Could you please repeat all of the entries exactly as written?
* * *
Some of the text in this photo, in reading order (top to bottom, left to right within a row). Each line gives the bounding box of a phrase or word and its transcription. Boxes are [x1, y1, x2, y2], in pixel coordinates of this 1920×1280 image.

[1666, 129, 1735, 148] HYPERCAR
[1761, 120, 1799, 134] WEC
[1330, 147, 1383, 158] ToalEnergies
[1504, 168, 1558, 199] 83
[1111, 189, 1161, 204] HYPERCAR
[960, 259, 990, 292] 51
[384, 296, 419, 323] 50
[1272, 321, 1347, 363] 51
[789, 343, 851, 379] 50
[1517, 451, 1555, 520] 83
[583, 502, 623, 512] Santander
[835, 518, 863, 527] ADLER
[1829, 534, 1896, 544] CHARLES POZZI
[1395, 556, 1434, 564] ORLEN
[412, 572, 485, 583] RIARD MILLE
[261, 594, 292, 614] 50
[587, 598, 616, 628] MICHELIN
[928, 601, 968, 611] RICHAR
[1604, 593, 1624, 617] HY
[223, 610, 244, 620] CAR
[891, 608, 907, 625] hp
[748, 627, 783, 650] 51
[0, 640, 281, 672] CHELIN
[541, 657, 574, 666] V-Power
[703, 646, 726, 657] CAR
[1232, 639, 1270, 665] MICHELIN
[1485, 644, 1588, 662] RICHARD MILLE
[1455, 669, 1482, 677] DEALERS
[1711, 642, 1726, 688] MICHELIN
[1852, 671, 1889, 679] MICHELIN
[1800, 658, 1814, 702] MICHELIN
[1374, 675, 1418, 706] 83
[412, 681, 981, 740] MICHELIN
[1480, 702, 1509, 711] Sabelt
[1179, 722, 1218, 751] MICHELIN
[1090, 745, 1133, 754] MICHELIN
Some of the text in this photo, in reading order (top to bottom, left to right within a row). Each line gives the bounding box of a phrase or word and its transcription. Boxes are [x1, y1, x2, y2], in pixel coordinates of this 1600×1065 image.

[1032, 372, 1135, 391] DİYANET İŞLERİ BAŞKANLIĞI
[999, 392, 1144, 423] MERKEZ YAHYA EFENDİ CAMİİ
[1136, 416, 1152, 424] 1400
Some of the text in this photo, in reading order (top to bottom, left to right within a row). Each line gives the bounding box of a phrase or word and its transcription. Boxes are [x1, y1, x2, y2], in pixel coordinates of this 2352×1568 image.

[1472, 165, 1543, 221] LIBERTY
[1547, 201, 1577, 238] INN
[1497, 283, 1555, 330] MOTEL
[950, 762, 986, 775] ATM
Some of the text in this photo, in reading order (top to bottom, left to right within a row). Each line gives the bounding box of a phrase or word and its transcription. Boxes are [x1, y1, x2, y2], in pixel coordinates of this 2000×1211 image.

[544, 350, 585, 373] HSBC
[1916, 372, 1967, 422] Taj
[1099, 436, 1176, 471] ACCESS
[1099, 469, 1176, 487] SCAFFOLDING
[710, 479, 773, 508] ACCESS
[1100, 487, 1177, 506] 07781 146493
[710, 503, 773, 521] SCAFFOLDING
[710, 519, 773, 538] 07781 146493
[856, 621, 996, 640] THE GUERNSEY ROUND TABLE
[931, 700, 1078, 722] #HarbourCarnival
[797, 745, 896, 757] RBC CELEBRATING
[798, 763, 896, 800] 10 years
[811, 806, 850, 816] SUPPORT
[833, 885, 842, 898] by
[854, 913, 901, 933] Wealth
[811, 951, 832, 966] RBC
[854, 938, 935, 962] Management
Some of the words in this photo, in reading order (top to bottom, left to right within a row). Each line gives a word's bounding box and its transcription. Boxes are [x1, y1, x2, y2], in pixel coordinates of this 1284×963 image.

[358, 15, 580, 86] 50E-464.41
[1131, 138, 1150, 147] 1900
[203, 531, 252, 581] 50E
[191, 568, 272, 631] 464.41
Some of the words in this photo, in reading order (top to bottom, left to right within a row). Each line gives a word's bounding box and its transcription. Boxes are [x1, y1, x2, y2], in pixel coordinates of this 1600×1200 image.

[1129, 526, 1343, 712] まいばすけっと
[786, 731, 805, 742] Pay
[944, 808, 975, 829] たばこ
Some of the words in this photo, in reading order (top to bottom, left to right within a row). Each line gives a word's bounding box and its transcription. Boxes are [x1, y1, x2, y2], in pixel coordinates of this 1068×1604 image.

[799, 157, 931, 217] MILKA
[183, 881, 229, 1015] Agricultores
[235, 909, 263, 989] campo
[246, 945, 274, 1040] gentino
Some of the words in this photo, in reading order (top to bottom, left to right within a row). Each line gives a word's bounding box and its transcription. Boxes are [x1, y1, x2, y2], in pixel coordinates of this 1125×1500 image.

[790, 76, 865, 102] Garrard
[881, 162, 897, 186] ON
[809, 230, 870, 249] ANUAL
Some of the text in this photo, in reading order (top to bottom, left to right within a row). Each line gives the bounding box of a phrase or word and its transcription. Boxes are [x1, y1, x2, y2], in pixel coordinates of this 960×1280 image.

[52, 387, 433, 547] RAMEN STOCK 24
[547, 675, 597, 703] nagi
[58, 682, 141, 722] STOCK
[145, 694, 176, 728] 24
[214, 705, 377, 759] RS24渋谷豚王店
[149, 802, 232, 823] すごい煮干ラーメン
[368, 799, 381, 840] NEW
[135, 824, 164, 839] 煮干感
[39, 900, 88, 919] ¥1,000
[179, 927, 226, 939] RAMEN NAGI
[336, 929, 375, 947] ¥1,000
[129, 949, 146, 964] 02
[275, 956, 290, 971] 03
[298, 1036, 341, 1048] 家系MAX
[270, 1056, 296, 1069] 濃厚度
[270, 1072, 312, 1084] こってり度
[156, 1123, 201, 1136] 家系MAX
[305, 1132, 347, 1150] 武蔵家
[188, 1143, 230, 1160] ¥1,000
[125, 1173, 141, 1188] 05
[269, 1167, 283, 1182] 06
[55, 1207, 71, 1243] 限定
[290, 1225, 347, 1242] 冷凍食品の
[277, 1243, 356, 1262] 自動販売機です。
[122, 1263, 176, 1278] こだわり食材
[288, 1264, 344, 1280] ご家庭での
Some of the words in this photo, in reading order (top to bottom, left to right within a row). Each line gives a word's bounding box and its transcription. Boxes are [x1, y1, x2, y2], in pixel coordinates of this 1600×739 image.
* * *
* _Answer for this exercise_:
Some of the text in this photo, in reading order (top to bottom, left to right within a row). Each line gives the bounding box of a phrase or word and its transcription. Boxes are [x1, y1, x2, y2], in pixel coordinates of this 1920×1280 image.

[1666, 129, 1735, 148] HYPERCAR
[1761, 120, 1799, 134] WEC
[1330, 147, 1383, 158] ToalEnergies
[1504, 168, 1558, 199] 83
[1111, 189, 1161, 204] HYPERCAR
[960, 259, 990, 292] 51
[384, 296, 419, 323] 50
[1272, 321, 1347, 363] 51
[789, 343, 851, 379] 50
[1517, 451, 1555, 520] 83
[583, 502, 623, 512] Santander
[835, 518, 863, 527] ADLER
[1829, 534, 1896, 544] CHARLES POZZI
[1395, 556, 1434, 564] ORLEN
[412, 572, 485, 583] RIARD MILLE
[261, 594, 292, 614] 50
[587, 598, 616, 628] MICHELIN
[928, 601, 968, 611] RICHAR
[1604, 593, 1624, 617] HY
[223, 610, 244, 620] CAR
[891, 608, 907, 625] hp
[748, 627, 783, 650] 51
[0, 640, 281, 672] CHELIN
[541, 657, 574, 666] V-Power
[703, 646, 726, 657] CAR
[1232, 639, 1270, 665] MICHELIN
[1485, 644, 1588, 662] RICHARD MILLE
[1455, 669, 1482, 677] DEALERS
[1711, 642, 1726, 688] MICHELIN
[1852, 671, 1889, 679] MICHELIN
[1800, 658, 1814, 702] MICHELIN
[1374, 675, 1418, 706] 83
[412, 681, 981, 740] MICHELIN
[1480, 702, 1509, 711] Sabelt
[1179, 722, 1218, 751] MICHELIN
[1090, 745, 1133, 754] MICHELIN
Some of the text in this photo, in reading order (top to bottom, left to right within a row). Each line gives the bounding box of a phrase or word and its transcription. Boxes are [x1, y1, x2, y2], in pixel coordinates of this 1600×1065 image.

[1032, 372, 1135, 391] DİYANET İŞLERİ BAŞKANLIĞI
[999, 392, 1144, 423] MERKEZ YAHYA EFENDİ CAMİİ
[1136, 416, 1152, 424] 1400
Some of the text in this photo, in reading order (top to bottom, left to right within a row). Each line gives the bounding box of a phrase or word and its transcription. Boxes are [x1, y1, x2, y2], in pixel coordinates of this 2352×1568 image.

[1472, 165, 1543, 221] LIBERTY
[1547, 201, 1577, 238] INN
[1497, 283, 1555, 330] MOTEL
[950, 762, 986, 775] ATM
Some of the text in this photo, in reading order (top to bottom, left to right within a row). Each line gives the bounding box of a phrase or word and its transcription. Boxes are [x1, y1, x2, y2], in pixel coordinates of this 2000×1211 image.

[544, 350, 585, 373] HSBC
[1916, 372, 1967, 422] Taj
[1099, 436, 1176, 471] ACCESS
[1099, 469, 1176, 487] SCAFFOLDING
[710, 479, 773, 508] ACCESS
[1100, 487, 1177, 506] 07781 146493
[710, 503, 773, 521] SCAFFOLDING
[710, 519, 773, 538] 07781 146493
[856, 621, 996, 640] THE GUERNSEY ROUND TABLE
[931, 700, 1078, 722] #HarbourCarnival
[797, 745, 896, 757] RBC CELEBRATING
[798, 763, 896, 800] 10 years
[811, 806, 850, 816] SUPPORT
[833, 885, 842, 898] by
[854, 913, 901, 933] Wealth
[811, 951, 832, 966] RBC
[854, 938, 935, 962] Management
Some of the words in this photo, in reading order (top to bottom, left to right within a row). Each line gives a word's bounding box and its transcription. Boxes are [x1, y1, x2, y2], in pixel coordinates of this 1284×963 image.

[358, 15, 580, 86] 50E-464.41
[1131, 138, 1150, 147] 1900
[203, 531, 252, 581] 50E
[191, 568, 272, 631] 464.41
Some of the words in this photo, in reading order (top to bottom, left to right within a row). Each line gives a word's bounding box and its transcription. Boxes are [x1, y1, x2, y2], in pixel coordinates of this 1600×1200 image.

[1129, 526, 1343, 712] まいばすけっと
[786, 731, 805, 742] Pay
[944, 808, 975, 829] たばこ
Some of the words in this photo, in reading order (top to bottom, left to right within a row). Each line gives a word's bounding box and its transcription. Boxes are [x1, y1, x2, y2], in pixel coordinates of this 1068×1604 image.

[799, 157, 931, 217] MILKA
[183, 881, 229, 1015] Agricultores
[235, 909, 263, 989] campo
[246, 945, 274, 1040] gentino
Some of the words in this photo, in reading order (top to bottom, left to right within a row). Each line gives a word's bounding box and its transcription. Boxes are [x1, y1, x2, y2], in pixel coordinates of this 1125×1500 image.

[790, 76, 865, 102] Garrard
[881, 162, 897, 186] ON
[809, 230, 870, 249] ANUAL
Some of the text in this photo, in reading order (top to bottom, left to right within a row). Each line gives the bounding box of a phrase or word and its transcription. Boxes are [x1, y1, x2, y2], in pixel coordinates of this 960×1280 image.

[52, 387, 433, 547] RAMEN STOCK 24
[547, 675, 597, 703] nagi
[58, 682, 141, 722] STOCK
[145, 694, 176, 728] 24
[214, 705, 377, 759] RS24渋谷豚王店
[149, 802, 232, 823] すごい煮干ラーメン
[368, 799, 381, 840] NEW
[135, 824, 164, 839] 煮干感
[39, 900, 88, 919] ¥1,000
[179, 927, 226, 939] RAMEN NAGI
[336, 929, 375, 947] ¥1,000
[129, 949, 146, 964] 02
[275, 956, 290, 971] 03
[298, 1036, 341, 1048] 家系MAX
[270, 1056, 296, 1069] 濃厚度
[270, 1072, 312, 1084] こってり度
[156, 1123, 201, 1136] 家系MAX
[305, 1132, 347, 1150] 武蔵家
[188, 1143, 230, 1160] ¥1,000
[125, 1173, 141, 1188] 05
[269, 1167, 283, 1182] 06
[55, 1207, 71, 1243] 限定
[290, 1225, 347, 1242] 冷凍食品の
[277, 1243, 356, 1262] 自動販売機です。
[122, 1263, 176, 1278] こだわり食材
[288, 1264, 344, 1280] ご家庭での
Some of the words in this photo, in reading order (top to bottom, left to right within a row). Each line gives a word's bounding box and its transcription. Boxes are [x1, y1, x2, y2], in pixel coordinates of this 1600×739 image.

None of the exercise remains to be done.